# Your task:
Below are the records; print them all without any alteration.

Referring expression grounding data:
----

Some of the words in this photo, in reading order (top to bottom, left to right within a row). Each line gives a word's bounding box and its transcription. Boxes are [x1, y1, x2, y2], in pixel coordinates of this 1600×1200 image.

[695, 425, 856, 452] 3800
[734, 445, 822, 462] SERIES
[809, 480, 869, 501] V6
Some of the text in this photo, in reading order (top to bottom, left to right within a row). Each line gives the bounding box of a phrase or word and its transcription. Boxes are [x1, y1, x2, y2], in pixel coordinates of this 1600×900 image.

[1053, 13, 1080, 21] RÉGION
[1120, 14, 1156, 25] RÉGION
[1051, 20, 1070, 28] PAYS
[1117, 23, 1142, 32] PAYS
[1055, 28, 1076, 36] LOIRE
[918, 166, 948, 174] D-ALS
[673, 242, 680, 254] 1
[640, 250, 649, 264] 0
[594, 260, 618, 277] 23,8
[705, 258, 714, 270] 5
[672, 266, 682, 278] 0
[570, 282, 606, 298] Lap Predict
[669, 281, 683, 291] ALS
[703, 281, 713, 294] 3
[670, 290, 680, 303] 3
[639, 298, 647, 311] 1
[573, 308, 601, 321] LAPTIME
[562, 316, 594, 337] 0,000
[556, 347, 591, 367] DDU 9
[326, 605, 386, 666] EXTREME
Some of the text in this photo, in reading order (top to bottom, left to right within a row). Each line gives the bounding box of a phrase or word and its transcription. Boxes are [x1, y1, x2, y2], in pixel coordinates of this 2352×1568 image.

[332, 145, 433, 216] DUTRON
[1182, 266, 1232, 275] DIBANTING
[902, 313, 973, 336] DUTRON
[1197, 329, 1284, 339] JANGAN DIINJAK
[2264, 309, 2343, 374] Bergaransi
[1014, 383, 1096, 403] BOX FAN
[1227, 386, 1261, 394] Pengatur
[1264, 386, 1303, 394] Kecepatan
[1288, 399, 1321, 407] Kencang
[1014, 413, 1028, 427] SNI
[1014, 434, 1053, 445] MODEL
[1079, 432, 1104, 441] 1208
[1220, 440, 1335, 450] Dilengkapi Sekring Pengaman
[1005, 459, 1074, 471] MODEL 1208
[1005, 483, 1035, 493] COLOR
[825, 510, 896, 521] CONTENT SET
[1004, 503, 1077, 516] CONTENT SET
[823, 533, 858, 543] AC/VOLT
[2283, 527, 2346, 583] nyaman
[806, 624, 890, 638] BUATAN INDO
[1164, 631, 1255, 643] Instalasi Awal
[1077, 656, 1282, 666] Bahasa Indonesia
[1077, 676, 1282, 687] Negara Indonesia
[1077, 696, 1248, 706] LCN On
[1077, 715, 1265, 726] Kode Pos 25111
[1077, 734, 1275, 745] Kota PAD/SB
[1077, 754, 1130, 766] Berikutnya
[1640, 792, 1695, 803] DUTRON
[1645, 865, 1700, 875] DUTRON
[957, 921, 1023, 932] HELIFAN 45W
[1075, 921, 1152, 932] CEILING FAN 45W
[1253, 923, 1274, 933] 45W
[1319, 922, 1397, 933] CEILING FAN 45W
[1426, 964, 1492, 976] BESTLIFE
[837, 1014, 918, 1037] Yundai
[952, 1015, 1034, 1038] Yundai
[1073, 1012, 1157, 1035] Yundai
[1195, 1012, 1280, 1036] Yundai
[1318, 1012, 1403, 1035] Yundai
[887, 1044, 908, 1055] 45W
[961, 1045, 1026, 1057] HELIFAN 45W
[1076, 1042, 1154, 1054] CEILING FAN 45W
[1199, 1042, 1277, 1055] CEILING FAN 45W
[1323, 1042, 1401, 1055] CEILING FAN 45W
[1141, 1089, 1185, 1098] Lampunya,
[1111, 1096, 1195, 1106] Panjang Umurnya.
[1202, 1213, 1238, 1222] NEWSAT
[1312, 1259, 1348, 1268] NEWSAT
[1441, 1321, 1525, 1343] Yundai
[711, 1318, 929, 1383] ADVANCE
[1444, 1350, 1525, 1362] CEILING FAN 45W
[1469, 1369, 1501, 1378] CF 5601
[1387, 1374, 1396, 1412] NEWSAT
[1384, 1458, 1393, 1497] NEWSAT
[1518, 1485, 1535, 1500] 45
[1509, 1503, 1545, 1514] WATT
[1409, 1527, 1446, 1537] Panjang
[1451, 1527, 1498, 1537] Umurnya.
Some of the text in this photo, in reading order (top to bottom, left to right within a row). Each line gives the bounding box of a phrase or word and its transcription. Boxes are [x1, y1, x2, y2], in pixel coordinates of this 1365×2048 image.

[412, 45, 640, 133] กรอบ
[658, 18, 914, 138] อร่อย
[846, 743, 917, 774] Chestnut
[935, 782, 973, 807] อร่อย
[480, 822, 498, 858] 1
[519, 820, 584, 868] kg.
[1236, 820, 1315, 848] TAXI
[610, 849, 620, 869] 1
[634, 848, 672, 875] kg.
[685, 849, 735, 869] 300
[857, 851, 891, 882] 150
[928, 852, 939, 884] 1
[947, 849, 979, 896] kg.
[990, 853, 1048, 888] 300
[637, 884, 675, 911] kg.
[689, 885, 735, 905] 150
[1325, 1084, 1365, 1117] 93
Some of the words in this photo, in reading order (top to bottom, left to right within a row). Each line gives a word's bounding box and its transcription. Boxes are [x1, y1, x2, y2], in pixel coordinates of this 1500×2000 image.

----

# Solution to the exercise:
Some of the words in this photo, in reading order (top to bottom, left to right within a row). Each line gives a word's bounding box and its transcription. Boxes are [x1, y1, x2, y2], in pixel coordinates of this 1600×1200 image.

[695, 425, 856, 452] 3800
[734, 445, 822, 462] SERIES
[809, 480, 869, 501] V6
Some of the text in this photo, in reading order (top to bottom, left to right within a row). Each line gives the bounding box of a phrase or word and its transcription. Boxes are [x1, y1, x2, y2], in pixel coordinates of this 1600×900 image.

[1053, 13, 1080, 21] RÉGION
[1120, 14, 1156, 25] RÉGION
[1051, 20, 1070, 28] PAYS
[1117, 23, 1142, 32] PAYS
[1055, 28, 1076, 36] LOIRE
[918, 166, 948, 174] D-ALS
[673, 242, 680, 254] 1
[640, 250, 649, 264] 0
[594, 260, 618, 277] 23,8
[705, 258, 714, 270] 5
[672, 266, 682, 278] 0
[570, 282, 606, 298] Lap Predict
[669, 281, 683, 291] ALS
[703, 281, 713, 294] 3
[670, 290, 680, 303] 3
[639, 298, 647, 311] 1
[573, 308, 601, 321] LAPTIME
[562, 316, 594, 337] 0,000
[556, 347, 591, 367] DDU 9
[326, 605, 386, 666] EXTREME
Some of the text in this photo, in reading order (top to bottom, left to right within a row). Each line gives the bounding box of a phrase or word and its transcription. Boxes are [x1, y1, x2, y2], in pixel coordinates of this 2352×1568 image.

[332, 145, 433, 216] DUTRON
[1182, 266, 1232, 275] DIBANTING
[902, 313, 973, 336] DUTRON
[1197, 329, 1284, 339] JANGAN DIINJAK
[2264, 309, 2343, 374] Bergaransi
[1014, 383, 1096, 403] BOX FAN
[1227, 386, 1261, 394] Pengatur
[1264, 386, 1303, 394] Kecepatan
[1288, 399, 1321, 407] Kencang
[1014, 413, 1028, 427] SNI
[1014, 434, 1053, 445] MODEL
[1079, 432, 1104, 441] 1208
[1220, 440, 1335, 450] Dilengkapi Sekring Pengaman
[1005, 459, 1074, 471] MODEL 1208
[1005, 483, 1035, 493] COLOR
[825, 510, 896, 521] CONTENT SET
[1004, 503, 1077, 516] CONTENT SET
[823, 533, 858, 543] AC/VOLT
[2283, 527, 2346, 583] nyaman
[806, 624, 890, 638] BUATAN INDO
[1164, 631, 1255, 643] Instalasi Awal
[1077, 656, 1282, 666] Bahasa Indonesia
[1077, 676, 1282, 687] Negara Indonesia
[1077, 696, 1248, 706] LCN On
[1077, 715, 1265, 726] Kode Pos 25111
[1077, 734, 1275, 745] Kota PAD/SB
[1077, 754, 1130, 766] Berikutnya
[1640, 792, 1695, 803] DUTRON
[1645, 865, 1700, 875] DUTRON
[957, 921, 1023, 932] HELIFAN 45W
[1075, 921, 1152, 932] CEILING FAN 45W
[1253, 923, 1274, 933] 45W
[1319, 922, 1397, 933] CEILING FAN 45W
[1426, 964, 1492, 976] BESTLIFE
[837, 1014, 918, 1037] Yundai
[952, 1015, 1034, 1038] Yundai
[1073, 1012, 1157, 1035] Yundai
[1195, 1012, 1280, 1036] Yundai
[1318, 1012, 1403, 1035] Yundai
[887, 1044, 908, 1055] 45W
[961, 1045, 1026, 1057] HELIFAN 45W
[1076, 1042, 1154, 1054] CEILING FAN 45W
[1199, 1042, 1277, 1055] CEILING FAN 45W
[1323, 1042, 1401, 1055] CEILING FAN 45W
[1141, 1089, 1185, 1098] Lampunya,
[1111, 1096, 1195, 1106] Panjang Umurnya.
[1202, 1213, 1238, 1222] NEWSAT
[1312, 1259, 1348, 1268] NEWSAT
[1441, 1321, 1525, 1343] Yundai
[711, 1318, 929, 1383] ADVANCE
[1444, 1350, 1525, 1362] CEILING FAN 45W
[1469, 1369, 1501, 1378] CF 5601
[1387, 1374, 1396, 1412] NEWSAT
[1384, 1458, 1393, 1497] NEWSAT
[1518, 1485, 1535, 1500] 45
[1509, 1503, 1545, 1514] WATT
[1409, 1527, 1446, 1537] Panjang
[1451, 1527, 1498, 1537] Umurnya.
Some of the text in this photo, in reading order (top to bottom, left to right within a row). Each line gives the bounding box of a phrase or word and its transcription. Boxes are [x1, y1, x2, y2], in pixel coordinates of this 1365×2048 image.

[412, 45, 640, 133] กรอบ
[658, 18, 914, 138] อร่อย
[846, 743, 917, 774] Chestnut
[935, 782, 973, 807] อร่อย
[480, 822, 498, 858] 1
[519, 820, 584, 868] kg.
[1236, 820, 1315, 848] TAXI
[610, 849, 620, 869] 1
[634, 848, 672, 875] kg.
[685, 849, 735, 869] 300
[857, 851, 891, 882] 150
[928, 852, 939, 884] 1
[947, 849, 979, 896] kg.
[990, 853, 1048, 888] 300
[637, 884, 675, 911] kg.
[689, 885, 735, 905] 150
[1325, 1084, 1365, 1117] 93
Some of the words in this photo, in reading order (top to bottom, left to right within a row). Each line gives a word's bounding box and its transcription. Boxes are [x1, y1, x2, y2], in pixel coordinates of this 1500×2000 image.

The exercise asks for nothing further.